Medical Student University of South Alabama, United States
Objectives: Prospective randomized trials have shown that completion lymphadenectomy (CLND) after a positive sentinel node biopsy (SLNB) does not improve melanoma specific survival and that adjuvant immunotherapy in the form of PD1 inhibitors improved relapse free survival (RFS) for stage III disease. While practice changing trials, the treatments were not evaluated together. We sought to evaluate the effect of adjuvant immunotherapy on stage III melanoma patients that did not have CLND.
Methods: Patients with Stage III disease treated with SLNB between September 2016 and July 2021 were reviewed. Patients undergoing CLND were excluded. Stage III patients with microsatellites and a negative SLNB were included. The primary endpoint was melanoma RFS based on receipt of adjuvant PD1. Demographic, histopathologic, and clinical data was collected and compared by Chi-square, Fisher’s exact test or Student t-test. Completion rates and adverse events for adjuvant immunotherapy were collected. RFS was compared using Kaplan Meyer curves.

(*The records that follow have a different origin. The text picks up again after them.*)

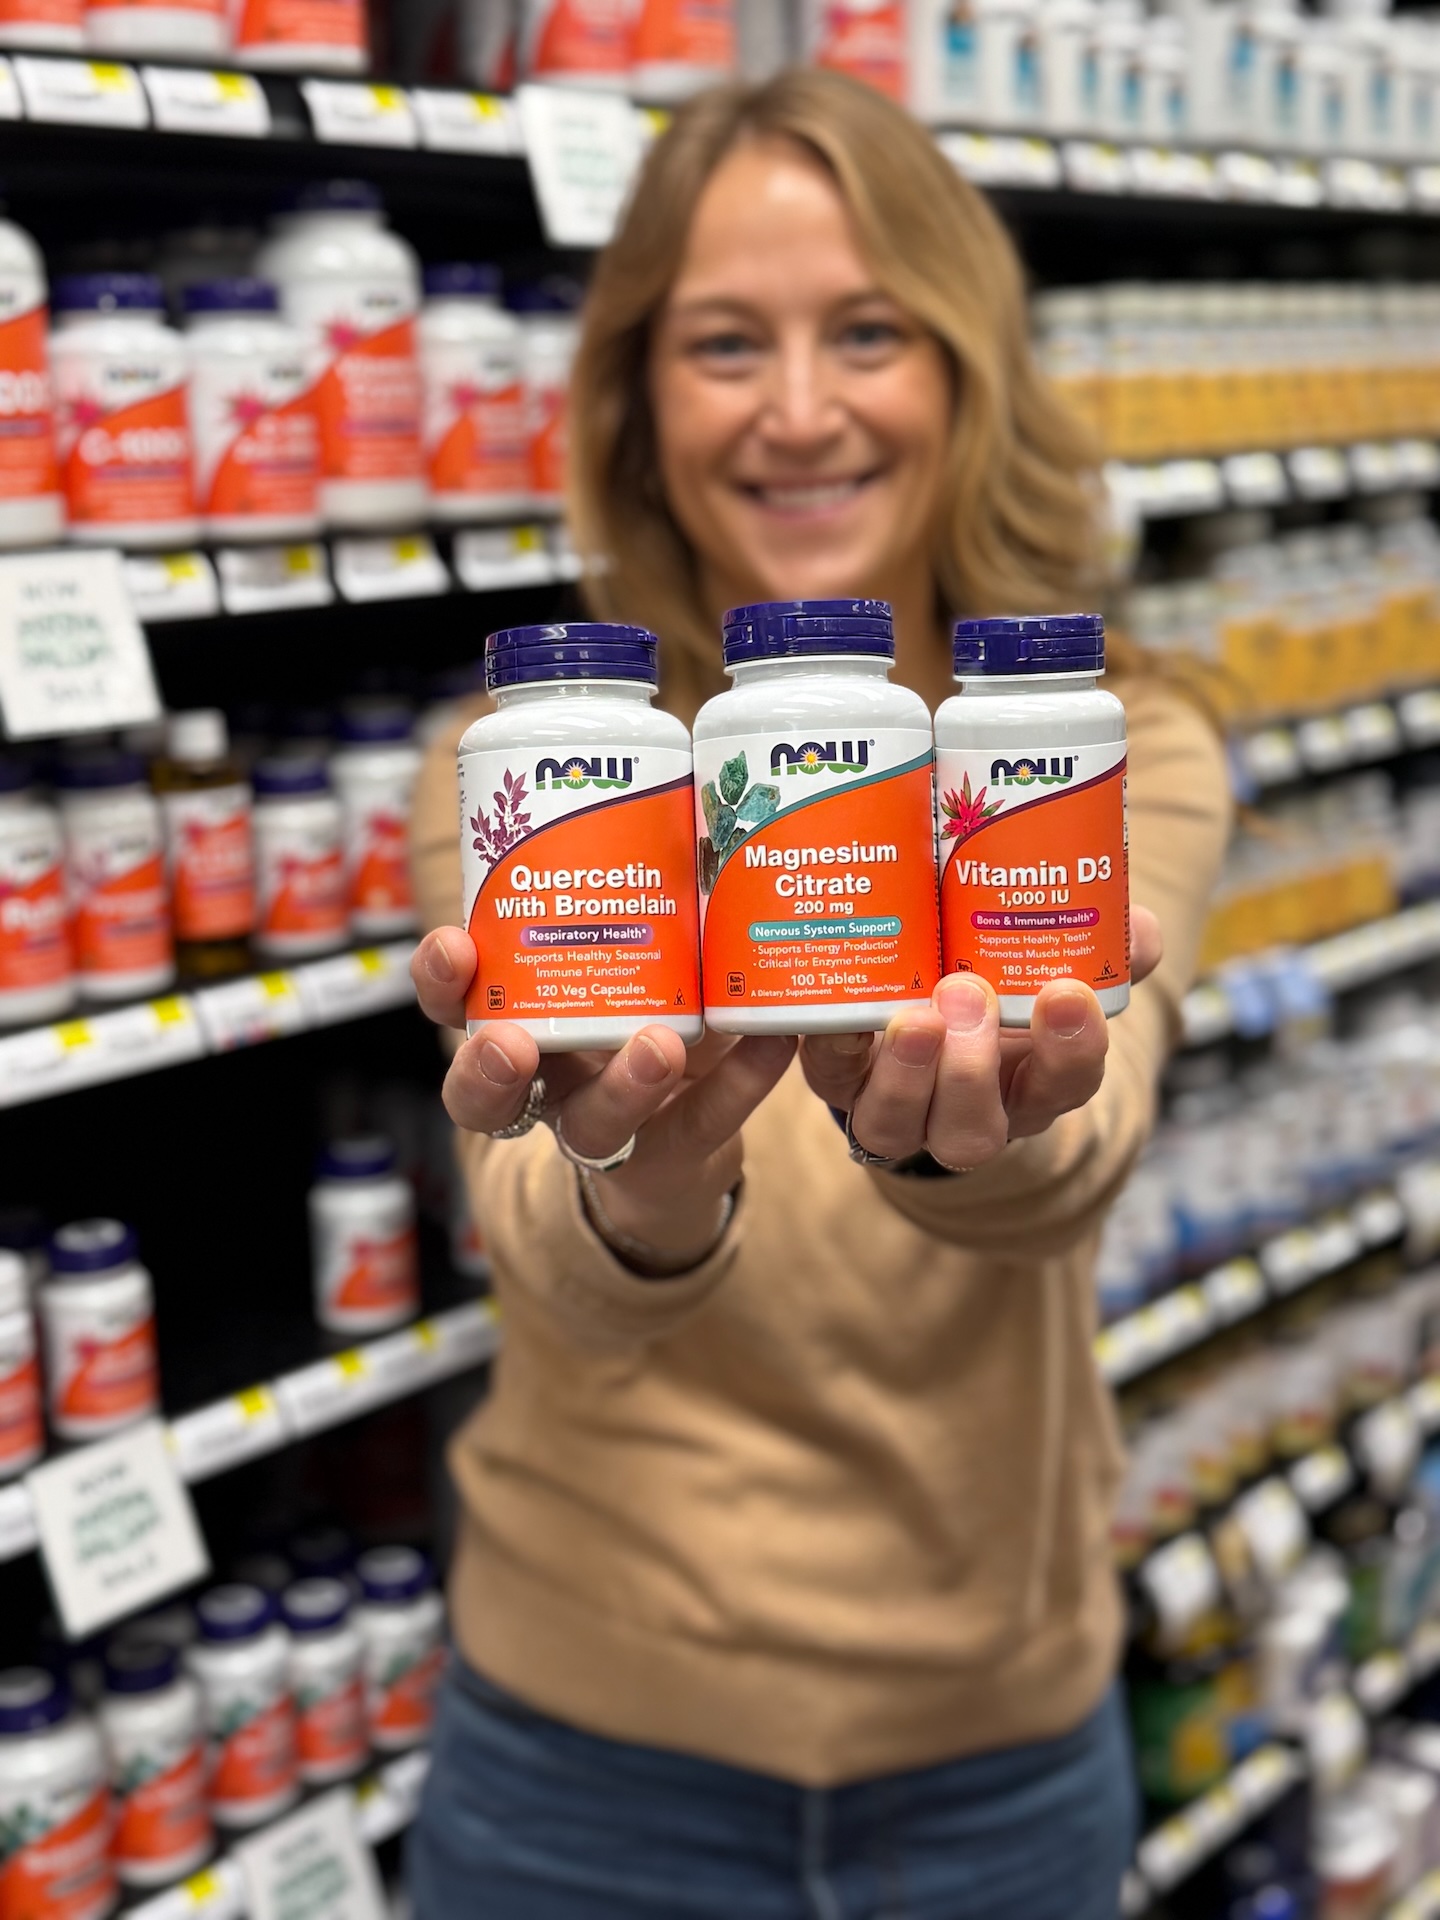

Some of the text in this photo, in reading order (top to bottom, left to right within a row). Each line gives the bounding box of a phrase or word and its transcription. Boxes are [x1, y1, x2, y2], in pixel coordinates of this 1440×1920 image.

[745, 841, 898, 870] Magnesium
[510, 862, 662, 892] Quercetin
[955, 856, 1112, 886] Vitamin D3
[775, 873, 872, 897] Citrate
[998, 889, 1070, 908] 1,000 IU
[495, 894, 677, 918] With Bromelain
[794, 900, 854, 915] 200 mg
[977, 916, 1000, 926] Bone
[1004, 916, 1012, 926] &
[1014, 916, 1056, 926] Immune
[529, 929, 600, 945] Respiratory
[755, 926, 800, 936] Nervous
[804, 924, 846, 938] System
[979, 934, 1020, 946] Supports
[1023, 934, 1060, 945] Healthy
[758, 944, 802, 956] Supports
[804, 942, 841, 954] Energy
[980, 949, 1024, 959] Promotes
[1026, 949, 1060, 958] Muscle
[514, 949, 662, 966] Supports Healthy Seasonal
[758, 959, 792, 969] Critical
[794, 958, 809, 968] for
[812, 957, 852, 968] Enzyme
[536, 968, 582, 978] Immune
[1002, 964, 1072, 977] 180 Softgels
[791, 972, 868, 986] 100 Tablets
[1006, 978, 1032, 988] Dietary
[536, 983, 646, 998] 120 Veg Capsules
[751, 988, 832, 998] A Dietary Supplement
[844, 984, 906, 994] Vegetarian/Vegan
[520, 1001, 546, 1010] Dietary
[548, 1000, 594, 1009] Supplement
[605, 998, 667, 1006] Vegetarian/Vegan

Results: 39 patients were identified and included in this study. 56.4% (n=22) were men with an average age of 62.3 years. Mean Breslow depth was 2.86 mm and 62.5% (n=25) had ulcerated tumors. The average number of +SLN was 1.15 nodes. 74.3% (n=29) of the patients had adjuvant immunotherapy. Patient receiving immunotherapy had improved 3-year melanoma RFS compared to those who did not (75.4% vs. 53.6%, P=0.27). Patient in the PD1 group were more likely to recur distantly (100%, n=5) while patients in the untreated group were more likely to have a locoregional recurrence (100%, n=3). For patients treated with immunotherapy, 66.7% (n=18) were able to complete therapy with 2 patients still undergoing treatment. The most common side effects of PD1 were arthralgias (37.0%, n=10), weakness (28.6%, n=8), rash (25.9%, n=7), diarrhea (25.9%, n=7), and fatigue (22.2%, n=6). Treatment was stopped due to aseptic meningitis (14.3%, n=1), chronic diarrhea (14.3%, n=1), adrenal insufficiency (14.3%, n=1), arthralgia (14.3%, n=1), loss to follow up (14.3%, n=1), loss of funding for medications (14.3%, n=1), and patient choice (14.3%, n=1).
Conclusion: Treatment of patients with stage III cutaneous melanoma and deferred CLND with adjuvant immunotherapy is associated with a RFS benefit at 3 years and may reduce recurrence rates by 57%. Our 3-year RFS of 75.4% compares favorably to other studies where 3-year RFS in treated patients is 63.7%. This data is valuable for counselling patients on the benefits of adding PD1 inhibition to reduce recurrence rates.